Data supplied below:

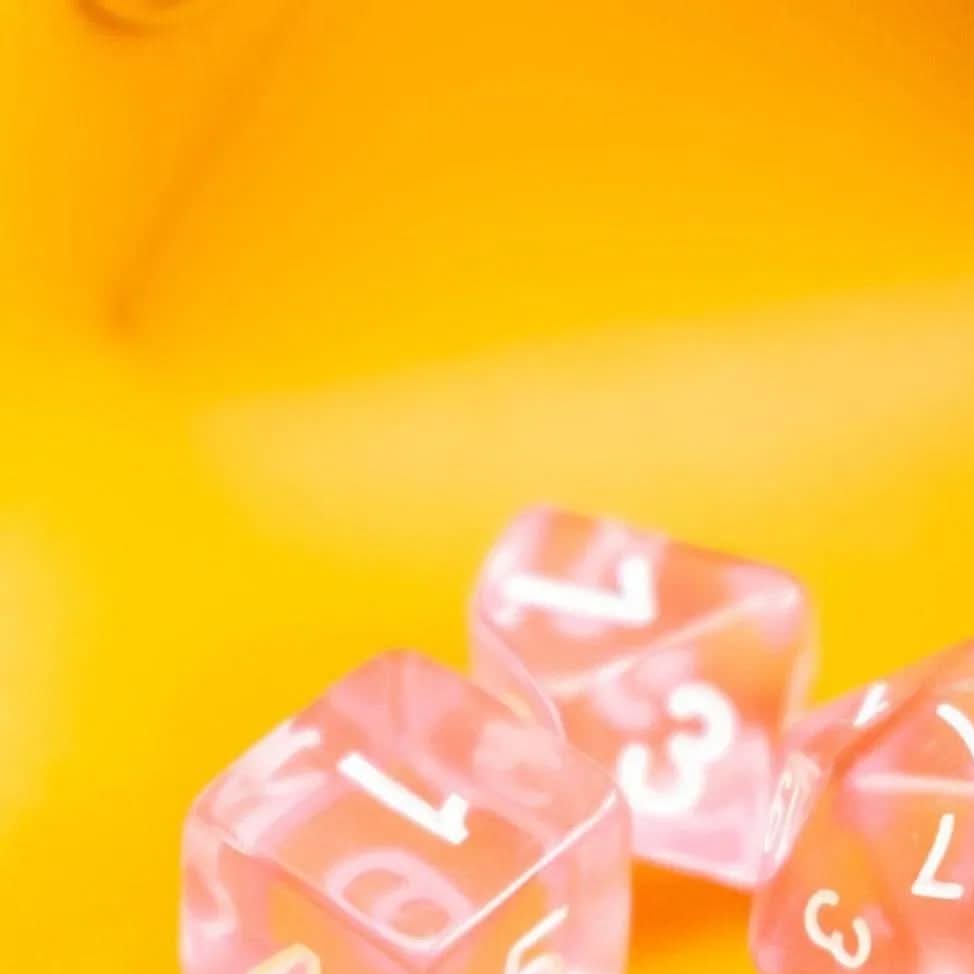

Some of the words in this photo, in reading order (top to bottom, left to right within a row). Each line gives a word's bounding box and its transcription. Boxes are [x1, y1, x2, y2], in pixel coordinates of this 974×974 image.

[617, 683, 735, 814] 3
[853, 681, 889, 729] 1
[338, 752, 468, 845] 1
[804, 889, 872, 970] 3

End of Data supplied.

Task
Set the listing down in full and exactly. Pictures within it should not appear in the copy.

Result of the task
Some of the words in this photo, in reading order (top to bottom, left to right within a row). Each line gives a word's bounding box and its transcription. Boxes are [x1, y1, x2, y2], in pixel coordinates of this 974×974 image.

[617, 683, 735, 814] 3
[853, 681, 889, 729] 1
[338, 752, 468, 845] 1
[804, 889, 872, 970] 3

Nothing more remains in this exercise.